一路之上,二人都未曾说过几句话。直至走向揽月楼的后院。这一路到也平静,没有人打扰。就是有人,当见到是西门喜儿后,也都回避三分。
出了揽月楼的后院,又径来到一谷地。西门喜儿这才开口说道:“我们到了!这儿就是蝴蝶谷!”
贺聪忙四周看了看,只是淡淡的答了一声:“嗯!”
蝴蝶谷即是西门家的庄园,庄园内很广阔,古柏掩映,静澄清幽。另外还有宛如一条幽暗的巨蟒,水色在月光下泛着深沉的墨绿。无声地缠绕着整座庄园,围着延绵叠起的好大一片青砖瓦房和数座两层楼阁,整整绕了一个圈,形成天生的一道护庄河。
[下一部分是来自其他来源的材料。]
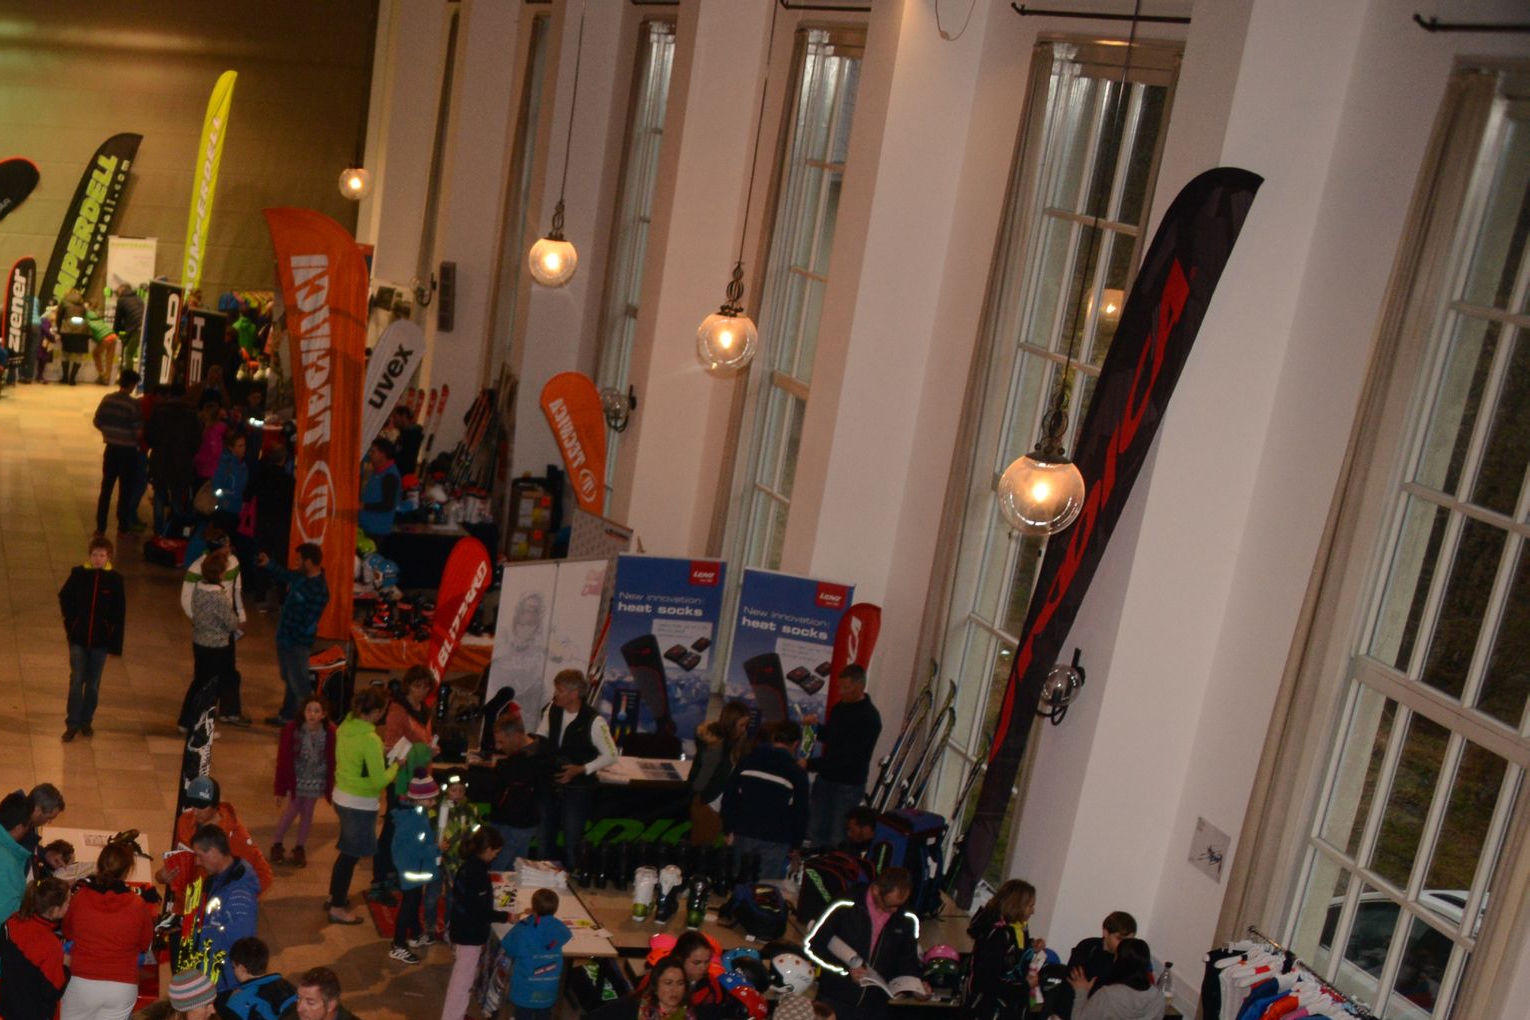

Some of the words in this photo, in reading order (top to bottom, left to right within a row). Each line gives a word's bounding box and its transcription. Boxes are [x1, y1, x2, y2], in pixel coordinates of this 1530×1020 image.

[8, 268, 27, 352] ziener
[369, 344, 415, 409] uvex
[618, 592, 644, 600] New
[617, 601, 652, 613] heat
[657, 605, 703, 617] socks
[743, 606, 768, 617] New
[741, 616, 777, 631] heat
[781, 625, 828, 640] socks
沿着护庄河,整整齐齐的生着十三棵古松。那十三棵古松,盘根错节,高耸虬龙似的,气概不凡。更像是‘十三尊沉默的巨灵守卫,张牙舞爪的枝干刺破夜空,投下令人心悸的阴影’。护庄河上一座架桥,横跨在河的两岸。要是初来之人根本分不出前后院和进出口。
在河对面的山坡上,还有一排房舍栉比林立,约有几十间,全都是青砖漫地。个个房间烛火通明透出窗外,照得路径两旁花草树木一清二楚,远远超乎一般人家的规模。
乘四处无人,西门喜儿悄悄地将贺聪带进了后院。这后院宽敞,由一片紫竹林围绕,竹香四溢,环境优雅,骤显幽静。尤其夜风吹过,竹叶沙沙作响,如同无数细碎的低语。庭院小桥流水潺潺,月光照映波水粼粼,在那人造池塘里,鲤鱼群涌十分活泼讨人爱惜。
在院内,东西两厢房间分立。为怕人看见,西门喜儿把贺聪带进西厢房内。二人才进房不一会儿,一待女来到房前,问道:“二小姐回来了吗?你可要吃点东西?”
西门喜儿显出漫不经心的抬起头,看了那个子高高的待女一眼。突然,她脸上露出一阵坏笑,心下当即生出一个主意。她对待女说道:“你过来,我有点事要问你。”
那待女听到之后,赶紧走进房间来,说道:“不知二小姐有何吩咐?”
西门喜儿突然厉声说道:“给我跪下!”
那待女一听,不知道自己哪里得罪了二小姐,只是十分害怕的扑通一声跪倒在地上。连声说道:“奴婢该死,奴婢该死,不知奴婢哪里不对,得罪了二小姐?”她低着头不敢看西门喜儿。
西门喜儿走到她面前,说道:“其实也没有什么,只是我要借你的衣服穿一下而已。”说完,她伸出手指在那个待女的脖子上轻轻一点,刚好点中在耳屏前方的‘听宫穴’,那名待女当即晕了过去。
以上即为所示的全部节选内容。